R=Minimum Number of Pages Required to Complete Task

The lostness measure ranges from 0 (absence of lostness) to 1 (being completely lost). Formulas can be confusing and they sometimes obscure what’s being represented, so I’ve attempted to visualize this metric and show how it’s derived with the Pythagorean theorem in Figure 1 below. 

Figure 1: Visualization of the lostness measure. The orange lines with the “C” is an example of how a score from one participant can be converted into lostness using the Pythagorean theorem.

Smith then looked to validate the lostness measure using data from a previous study using 20 students (16 and 17 year olds) from the UK. Participants were asked to look for information on a university department hypertext system. Measures collected included the total number of nodes (pages), deviations, and unique pages accessed.
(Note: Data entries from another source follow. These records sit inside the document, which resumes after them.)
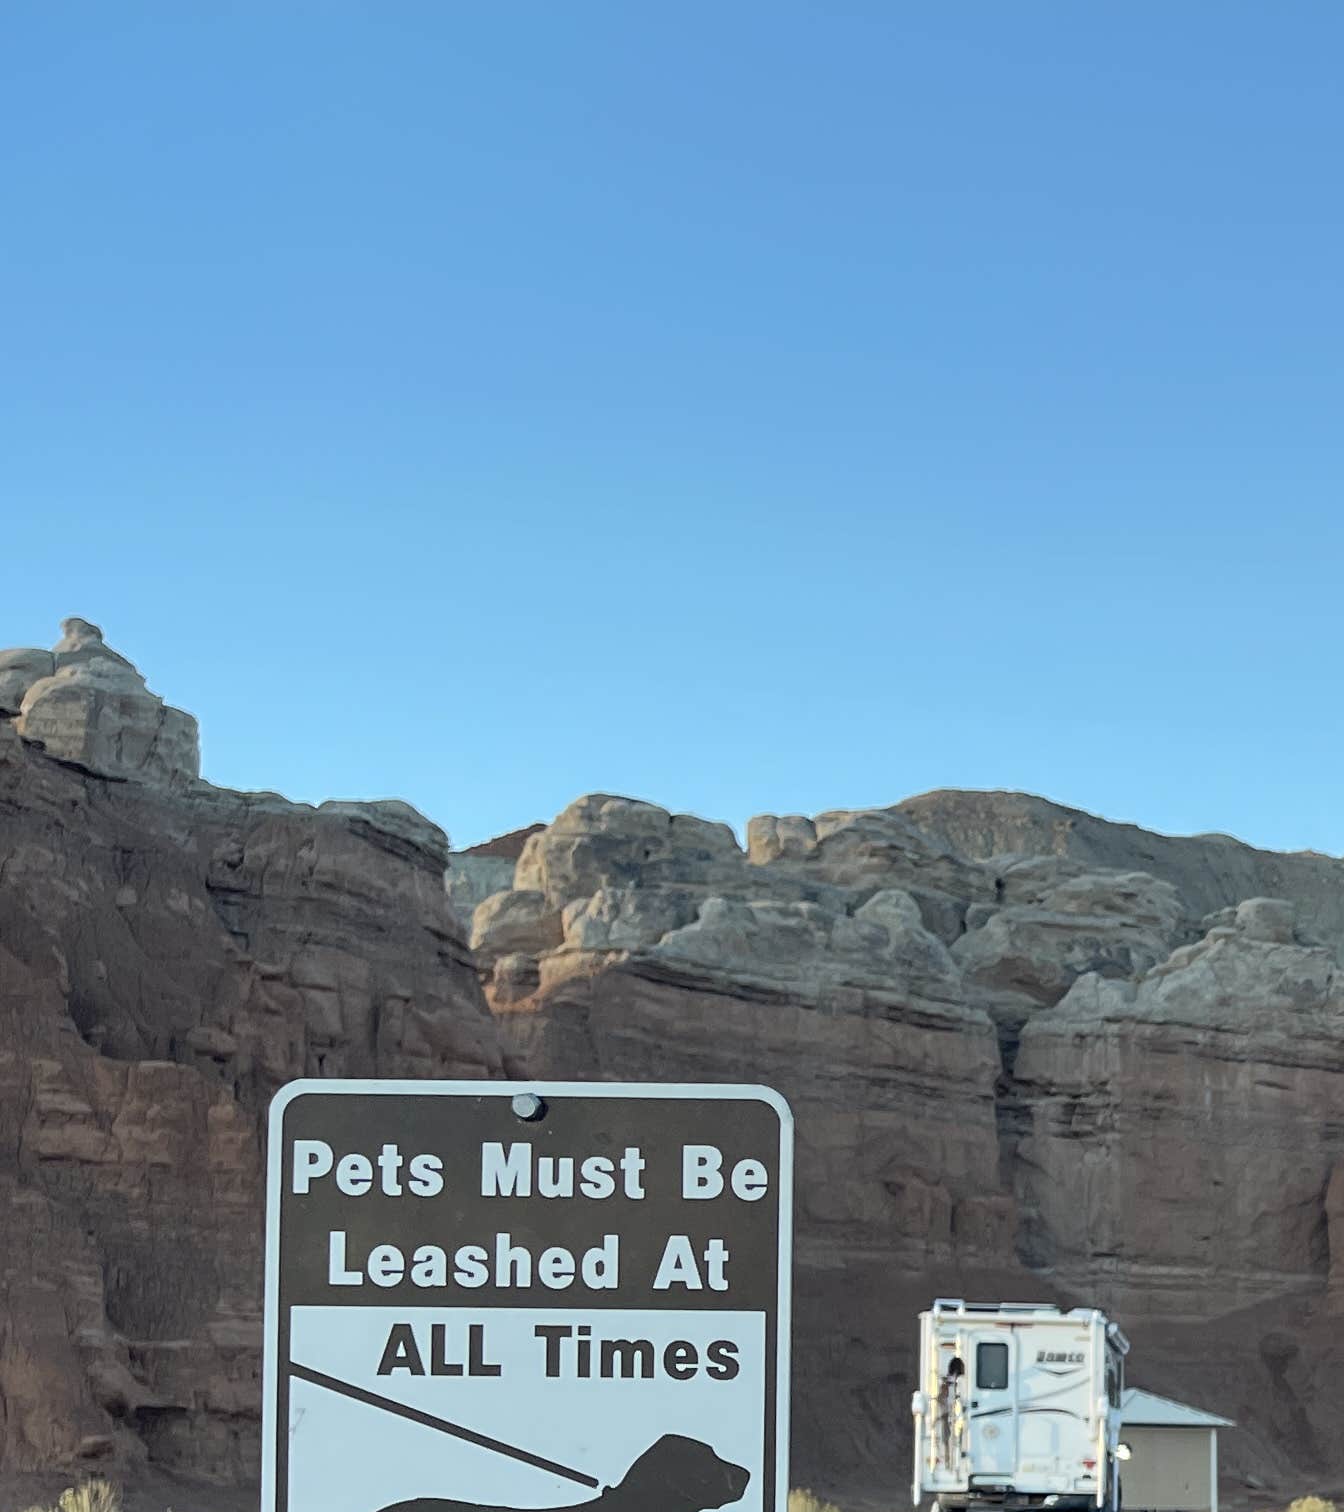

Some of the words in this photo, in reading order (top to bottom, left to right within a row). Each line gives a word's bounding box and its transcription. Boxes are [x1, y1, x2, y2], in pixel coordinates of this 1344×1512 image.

[292, 1139, 445, 1197] Pets
[480, 1141, 646, 1200] Must
[682, 1144, 769, 1202] Be
[328, 1230, 620, 1290] Leashed
[652, 1234, 730, 1292] At
[376, 1323, 503, 1377] ALL
[533, 1324, 741, 1381] Times
After reviewing videos of the users across tasks, she found that her lostness measure did correspond to lost behavior. She identified the threshold of lostness scores above .5 as being lost, while scores below .4 as not lost, and the scores between .4 and .5 as indeterminate.
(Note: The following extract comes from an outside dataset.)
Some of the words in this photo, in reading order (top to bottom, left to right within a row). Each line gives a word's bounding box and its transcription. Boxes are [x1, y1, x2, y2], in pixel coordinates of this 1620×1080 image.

The measures were also used in another study that used eight participants with more nodes as reported in Smith. In the study by Cardle (a 1994 dissertation), similar findings of Lostness and Efficiency were found. But of the eight users, one had a score above .5 (indicating lost) when he was not really lost but exploring—suggesting a possible confound with the measure.

Replication Study

Given the small amount of data used to validate the lostness measure (and the dearth of information since), we conducted a new study to collect more data, to confirm thresholds of lostness, and see how this measure correlates with other widely used usability measures.

Between September and December 2018 we reviewed 73 videos of users attempting to complete 8 tasks from three studies. The studies included consumer banking websites, a mobile app for making purchases, and a findability task on the US Bank website that asked participants to find the name of the VP and General Counsel (an expected difficult task). Each task had a clear correct solution and “exploring” behavior wasn’t expected, thus minimizing possible confounds with natural browsing behavior that may look like lostness (e.g., looking at many pages repeatedly).
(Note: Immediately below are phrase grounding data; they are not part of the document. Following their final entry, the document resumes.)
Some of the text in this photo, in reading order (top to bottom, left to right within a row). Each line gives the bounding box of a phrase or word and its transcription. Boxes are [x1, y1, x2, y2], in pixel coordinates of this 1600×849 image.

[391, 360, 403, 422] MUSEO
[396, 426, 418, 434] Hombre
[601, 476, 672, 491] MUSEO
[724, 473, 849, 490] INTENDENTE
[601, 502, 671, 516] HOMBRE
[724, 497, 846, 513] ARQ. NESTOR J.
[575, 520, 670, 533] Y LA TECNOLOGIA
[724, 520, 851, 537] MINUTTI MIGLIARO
Sample sizes ranged from 5 to 16 for each task experience. We selected tasks that we hoped would provide a good range of lostness. For each task, we identified the minimum number of screens needed to complete each task for the lostness measure (R), and reviewed each video to count the total number of screens (S) and number of unique screens (N). We then computed the lostness score for each task experience. Post-task ease was collected using the SEQ and task time and completion rates were collected in the MUIQ platform.

Study Results

Across the 73 task experiences we had a good range of lostness, from a low of 0 (perfect navigation) to a high of .86 (very lost) and a mean lostness score of .34. We then aggregated the individual experiences by task.

Table 1 shows the lostness score, post-task ease, task time, and completion rate aggregated across the tasks, with lostness scores ranging from .16 to .72 (higher lostness scores mean more lostness).

Task Lostness Ease Time Completion % Lost
1 0.16 6.44 196 100% 6%
2 0.26 6.94 30 94% 19%
4 0.33 6.00 272 40% 40%
3 0.34 6.19 83 100% 44%
6 0.37 4.60 255 80% 60%
7 0.51 4.40 193 100% 40%
8 0.66 2.20 339 60% 100%
5 0.72 2.40 384 60% 100%

Table 1: Lostness, ease (7-point SEQ scale), time (in seconds), completion rates, and % lost (> .5) for the eight tasks. Tasks sorted by lostness score, from least lost to most lost.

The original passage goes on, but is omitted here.